───── Records shown ─────
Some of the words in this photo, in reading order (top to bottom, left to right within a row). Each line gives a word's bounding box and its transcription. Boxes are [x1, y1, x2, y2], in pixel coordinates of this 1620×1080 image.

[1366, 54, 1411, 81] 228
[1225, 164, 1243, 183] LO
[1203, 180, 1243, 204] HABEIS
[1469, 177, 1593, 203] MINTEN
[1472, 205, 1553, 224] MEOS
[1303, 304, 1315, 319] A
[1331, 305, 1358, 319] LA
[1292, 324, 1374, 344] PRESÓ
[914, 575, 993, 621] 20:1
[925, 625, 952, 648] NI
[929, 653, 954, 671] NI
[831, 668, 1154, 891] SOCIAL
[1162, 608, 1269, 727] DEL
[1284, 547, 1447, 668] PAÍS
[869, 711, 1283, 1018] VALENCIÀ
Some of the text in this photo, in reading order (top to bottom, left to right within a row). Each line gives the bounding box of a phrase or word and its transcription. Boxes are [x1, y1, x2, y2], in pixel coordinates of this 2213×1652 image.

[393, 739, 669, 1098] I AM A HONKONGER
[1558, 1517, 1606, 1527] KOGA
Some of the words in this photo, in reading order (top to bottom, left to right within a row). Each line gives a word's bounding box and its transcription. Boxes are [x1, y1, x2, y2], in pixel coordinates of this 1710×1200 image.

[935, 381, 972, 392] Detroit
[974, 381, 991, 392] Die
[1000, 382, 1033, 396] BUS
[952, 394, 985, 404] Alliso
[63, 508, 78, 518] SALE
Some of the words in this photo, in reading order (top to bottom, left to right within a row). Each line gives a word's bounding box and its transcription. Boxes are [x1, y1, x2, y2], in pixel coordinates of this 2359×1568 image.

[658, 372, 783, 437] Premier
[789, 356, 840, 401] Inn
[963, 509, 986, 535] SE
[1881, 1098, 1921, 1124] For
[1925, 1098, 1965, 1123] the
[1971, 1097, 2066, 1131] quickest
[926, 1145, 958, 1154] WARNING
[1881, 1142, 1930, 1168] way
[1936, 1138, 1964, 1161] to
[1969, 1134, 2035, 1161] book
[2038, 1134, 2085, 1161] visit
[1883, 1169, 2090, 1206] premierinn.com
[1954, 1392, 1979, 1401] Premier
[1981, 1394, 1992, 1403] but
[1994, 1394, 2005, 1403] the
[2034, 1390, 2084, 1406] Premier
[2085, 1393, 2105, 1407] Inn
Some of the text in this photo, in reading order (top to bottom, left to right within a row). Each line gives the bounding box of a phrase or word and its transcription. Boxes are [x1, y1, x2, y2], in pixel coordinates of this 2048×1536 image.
─────
| Problem statement |
Take the records and restate them word for word.

| Completed exercise |
Some of the words in this photo, in reading order (top to bottom, left to right within a row). Each line gives a word's bounding box and its transcription. Boxes are [x1, y1, x2, y2], in pixel coordinates of this 1620×1080 image.

[1366, 54, 1411, 81] 228
[1225, 164, 1243, 183] LO
[1203, 180, 1243, 204] HABEIS
[1469, 177, 1593, 203] MINTEN
[1472, 205, 1553, 224] MEOS
[1303, 304, 1315, 319] A
[1331, 305, 1358, 319] LA
[1292, 324, 1374, 344] PRESÓ
[914, 575, 993, 621] 20:1
[925, 625, 952, 648] NI
[929, 653, 954, 671] NI
[831, 668, 1154, 891] SOCIAL
[1162, 608, 1269, 727] DEL
[1284, 547, 1447, 668] PAÍS
[869, 711, 1283, 1018] VALENCIÀ
Some of the text in this photo, in reading order (top to bottom, left to right within a row). Each line gives the bounding box of a phrase or word and its transcription. Boxes are [x1, y1, x2, y2], in pixel coordinates of this 2213×1652 image.

[393, 739, 669, 1098] I AM A HONKONGER
[1558, 1517, 1606, 1527] KOGA
Some of the words in this photo, in reading order (top to bottom, left to right within a row). Each line gives a word's bounding box and its transcription. Boxes are [x1, y1, x2, y2], in pixel coordinates of this 1710×1200 image.

[935, 381, 972, 392] Detroit
[974, 381, 991, 392] Die
[1000, 382, 1033, 396] BUS
[952, 394, 985, 404] Alliso
[63, 508, 78, 518] SALE
Some of the words in this photo, in reading order (top to bottom, left to right within a row). Each line gives a word's bounding box and its transcription. Boxes are [x1, y1, x2, y2], in pixel coordinates of this 2359×1568 image.

[658, 372, 783, 437] Premier
[789, 356, 840, 401] Inn
[963, 509, 986, 535] SE
[1881, 1098, 1921, 1124] For
[1925, 1098, 1965, 1123] the
[1971, 1097, 2066, 1131] quickest
[926, 1145, 958, 1154] WARNING
[1881, 1142, 1930, 1168] way
[1936, 1138, 1964, 1161] to
[1969, 1134, 2035, 1161] book
[2038, 1134, 2085, 1161] visit
[1883, 1169, 2090, 1206] premierinn.com
[1954, 1392, 1979, 1401] Premier
[1981, 1394, 1992, 1403] but
[1994, 1394, 2005, 1403] the
[2034, 1390, 2084, 1406] Premier
[2085, 1393, 2105, 1407] Inn
Some of the text in this photo, in reading order (top to bottom, left to right within a row). Each line gives the bounding box of a phrase or word and its transcription. Boxes are [x1, y1, x2, y2], in pixel coordinates of this 2048×1536 image.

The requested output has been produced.